= Activity =
Reproduce, word for word, all of the records; the pictures stay out.

++++++

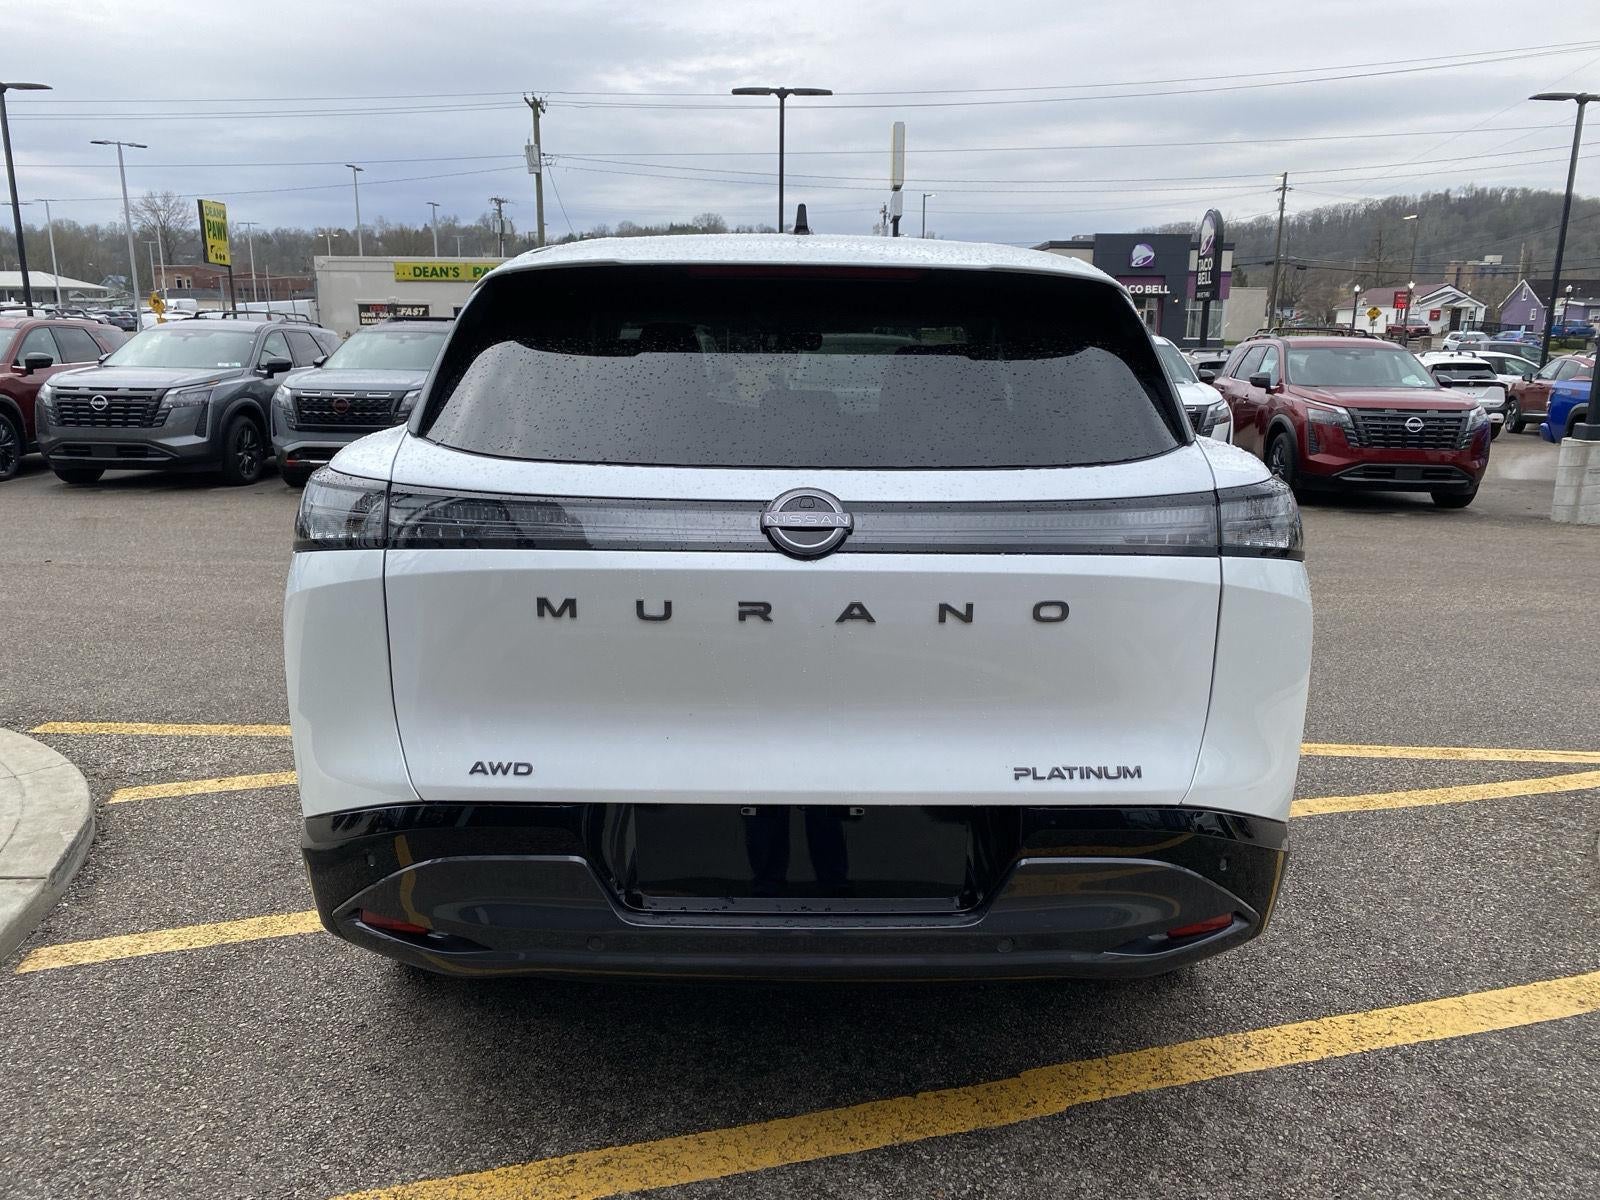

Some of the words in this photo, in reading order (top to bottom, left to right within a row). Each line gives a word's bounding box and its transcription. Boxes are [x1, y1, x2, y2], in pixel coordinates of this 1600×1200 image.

[206, 219, 227, 242] PAWN
[1198, 257, 1213, 271] TACO
[1197, 272, 1212, 285] BELL
[1145, 284, 1170, 294] BELL
[400, 307, 426, 316] FAST
[766, 515, 848, 525] NISSAN
[536, 596, 1071, 623] MURANO
[468, 761, 534, 776] AWD
[1013, 765, 1142, 780] PLATINUM

++++++

= Output for this task =
Some of the words in this photo, in reading order (top to bottom, left to right within a row). Each line gives a word's bounding box and its transcription. Boxes are [x1, y1, x2, y2], in pixel coordinates of this 1600×1200 image.

[206, 219, 227, 242] PAWN
[1198, 257, 1213, 271] TACO
[1197, 272, 1212, 285] BELL
[1145, 284, 1170, 294] BELL
[400, 307, 426, 316] FAST
[766, 515, 848, 525] NISSAN
[536, 596, 1071, 623] MURANO
[468, 761, 534, 776] AWD
[1013, 765, 1142, 780] PLATINUM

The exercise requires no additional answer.